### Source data
++++++

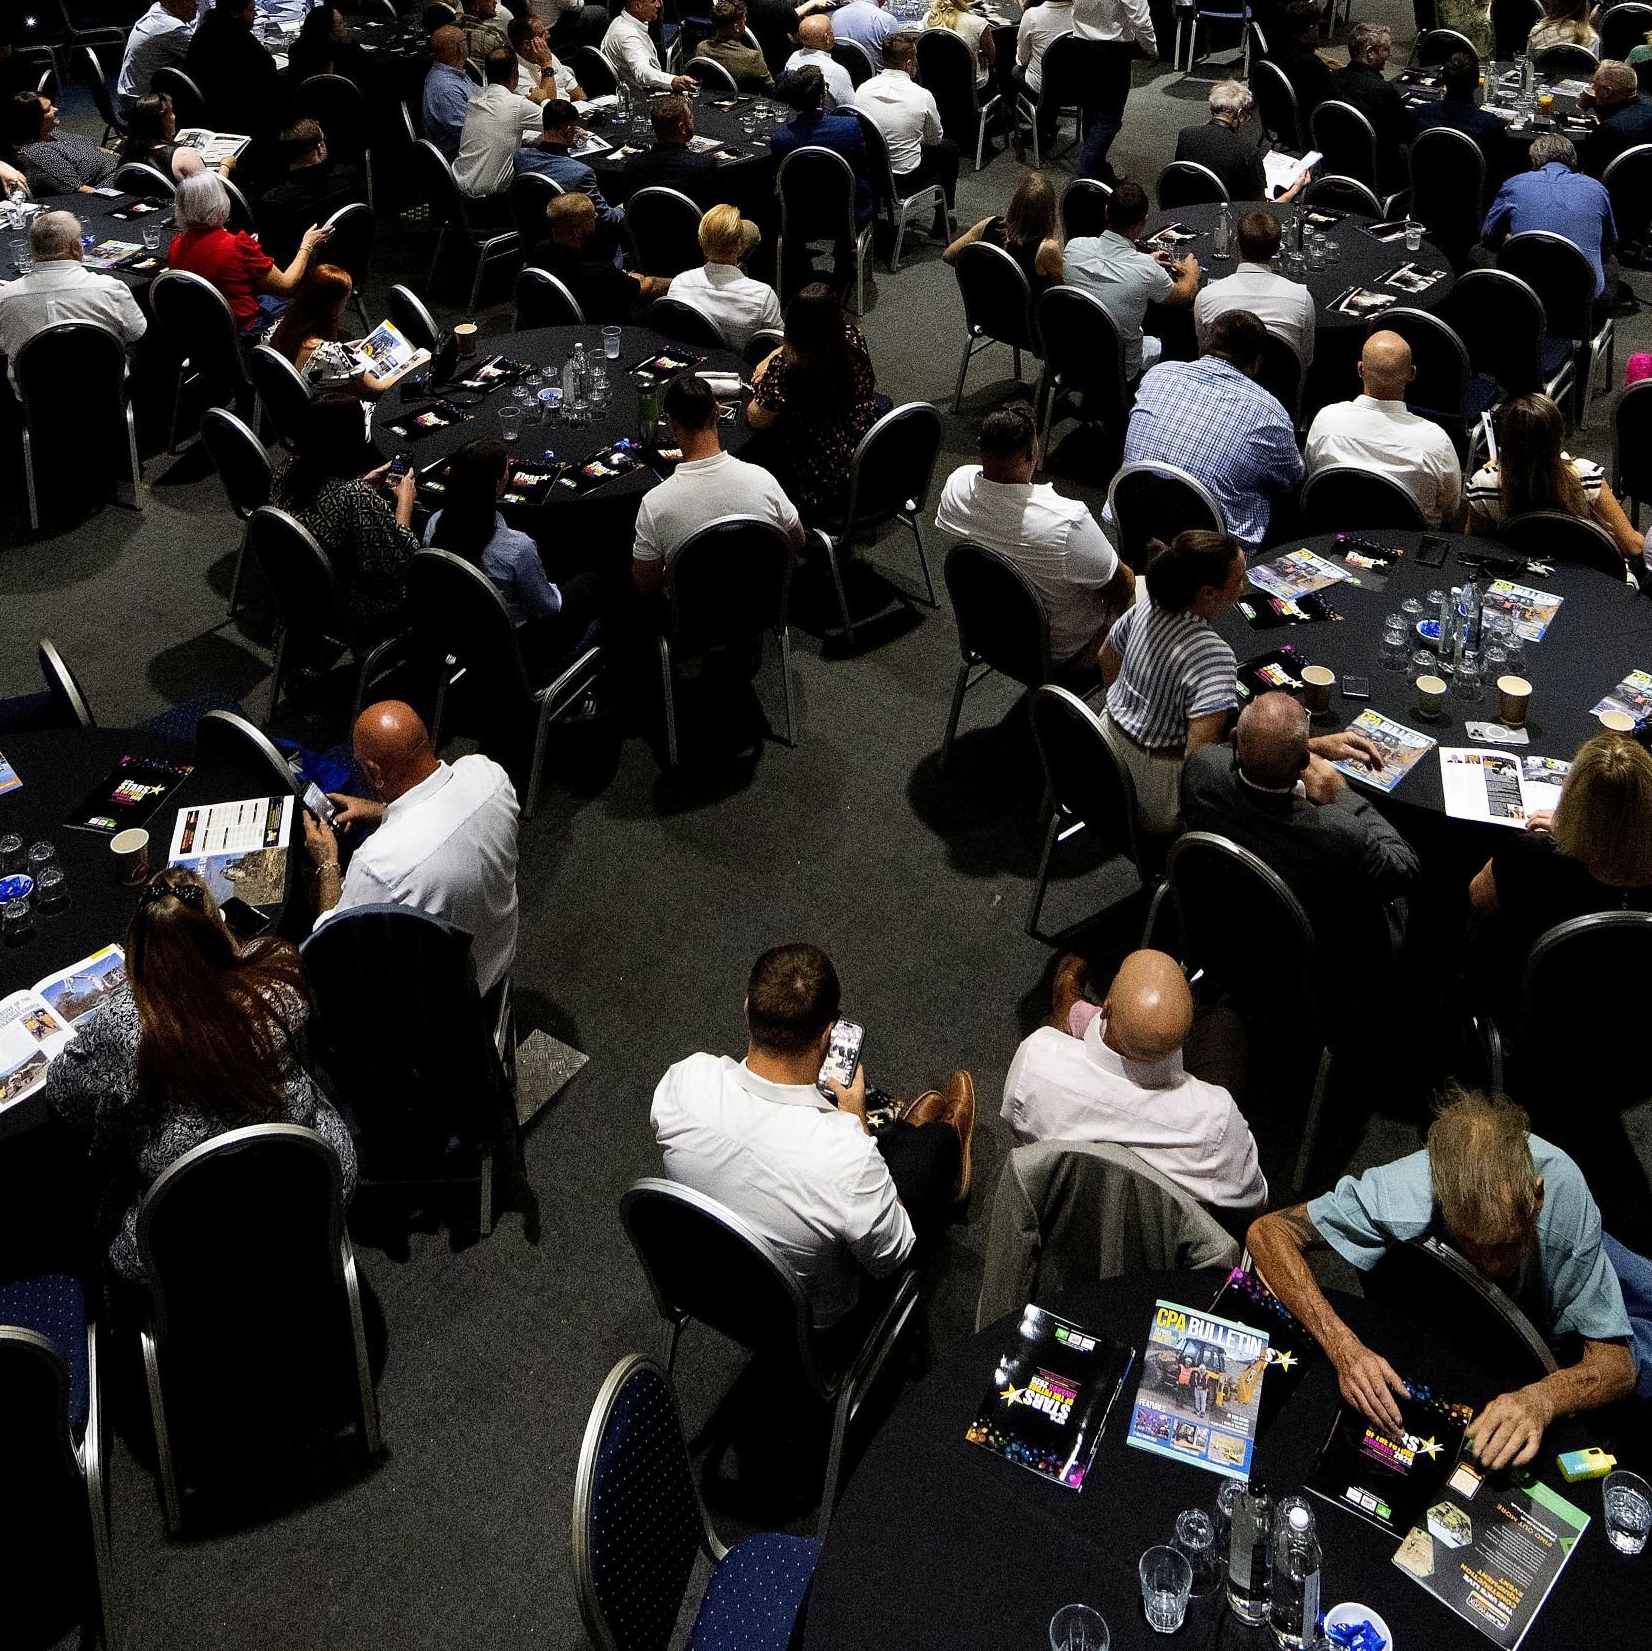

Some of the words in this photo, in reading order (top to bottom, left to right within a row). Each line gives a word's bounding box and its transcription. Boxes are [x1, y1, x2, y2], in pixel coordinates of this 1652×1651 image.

[0, 1013, 22, 1030] TRAINING
[1156, 1307, 1187, 1333] CPA
[1188, 1316, 1263, 1355] BULLETIN
[1031, 1376, 1049, 1389] 2025
[1048, 1383, 1078, 1399] AWARDS
[1053, 1393, 1065, 1403] THE
[1022, 1389, 1071, 1422] STARS
[1138, 1398, 1167, 1413] FEATURES
[1393, 1451, 1413, 1466] 2025
[1496, 1503, 1518, 1523] MORE
[1518, 1521, 1534, 1534] OUT
[1534, 1532, 1553, 1548] FIND
[1460, 1563, 1517, 1609] CONSTRUCTION
[1463, 1574, 1480, 1591] LIVE
[1477, 1569, 1522, 1604] EQUIPMENT
[1498, 1577, 1524, 1598] EVENT
[1497, 1601, 1514, 1616] THE
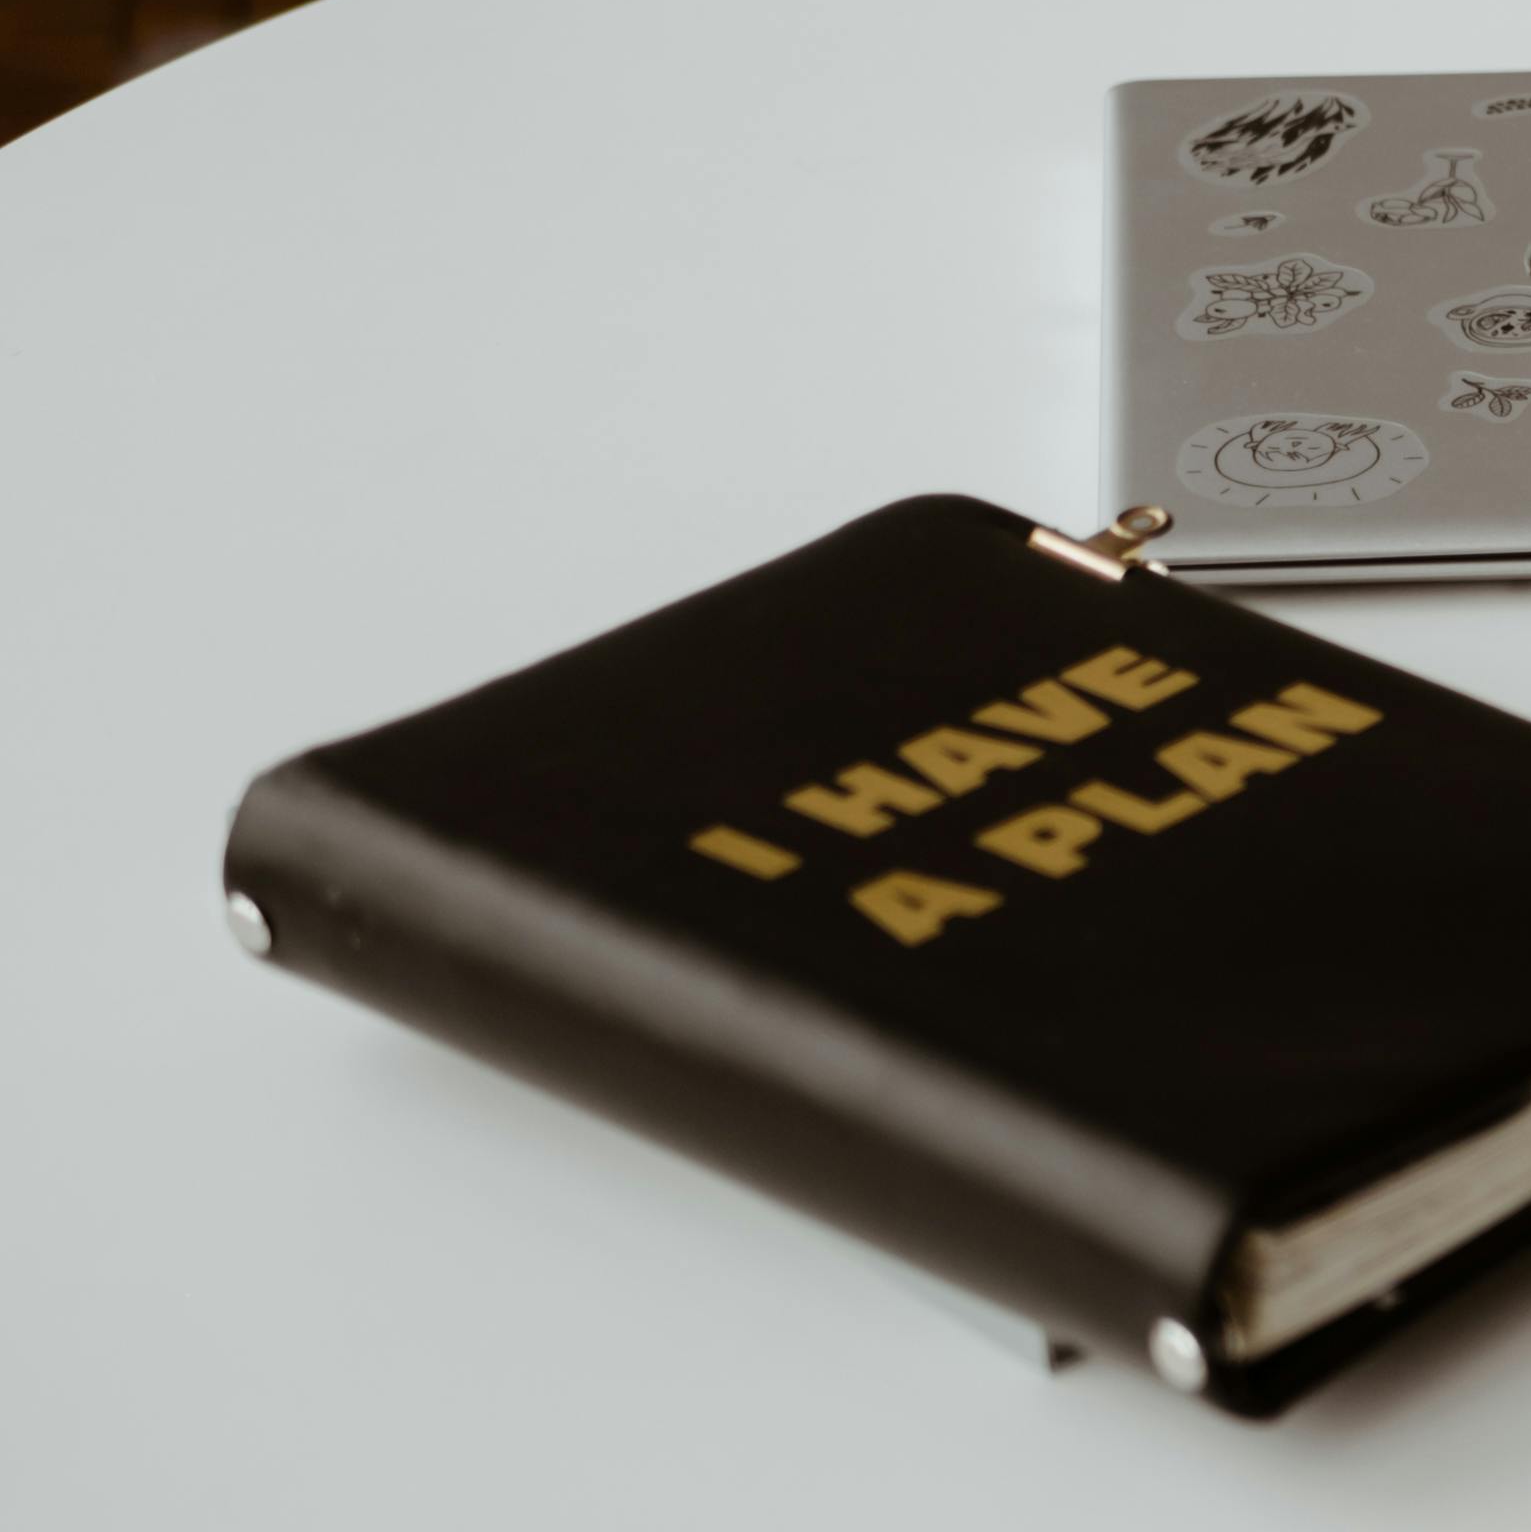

++++++

### Aim of the exercise
The data above should be returned in full, exactly as written, apart from its images.

### Result below
Some of the words in this photo, in reading order (top to bottom, left to right within a row). Each line gives a word's bounding box and its transcription. Boxes are [x1, y1, x2, y2], in pixel coordinates of this 1652×1651 image.

[0, 1013, 22, 1030] TRAINING
[1156, 1307, 1187, 1333] CPA
[1188, 1316, 1263, 1355] BULLETIN
[1031, 1376, 1049, 1389] 2025
[1048, 1383, 1078, 1399] AWARDS
[1053, 1393, 1065, 1403] THE
[1022, 1389, 1071, 1422] STARS
[1138, 1398, 1167, 1413] FEATURES
[1393, 1451, 1413, 1466] 2025
[1496, 1503, 1518, 1523] MORE
[1518, 1521, 1534, 1534] OUT
[1534, 1532, 1553, 1548] FIND
[1460, 1563, 1517, 1609] CONSTRUCTION
[1463, 1574, 1480, 1591] LIVE
[1477, 1569, 1522, 1604] EQUIPMENT
[1498, 1577, 1524, 1598] EVENT
[1497, 1601, 1514, 1616] THE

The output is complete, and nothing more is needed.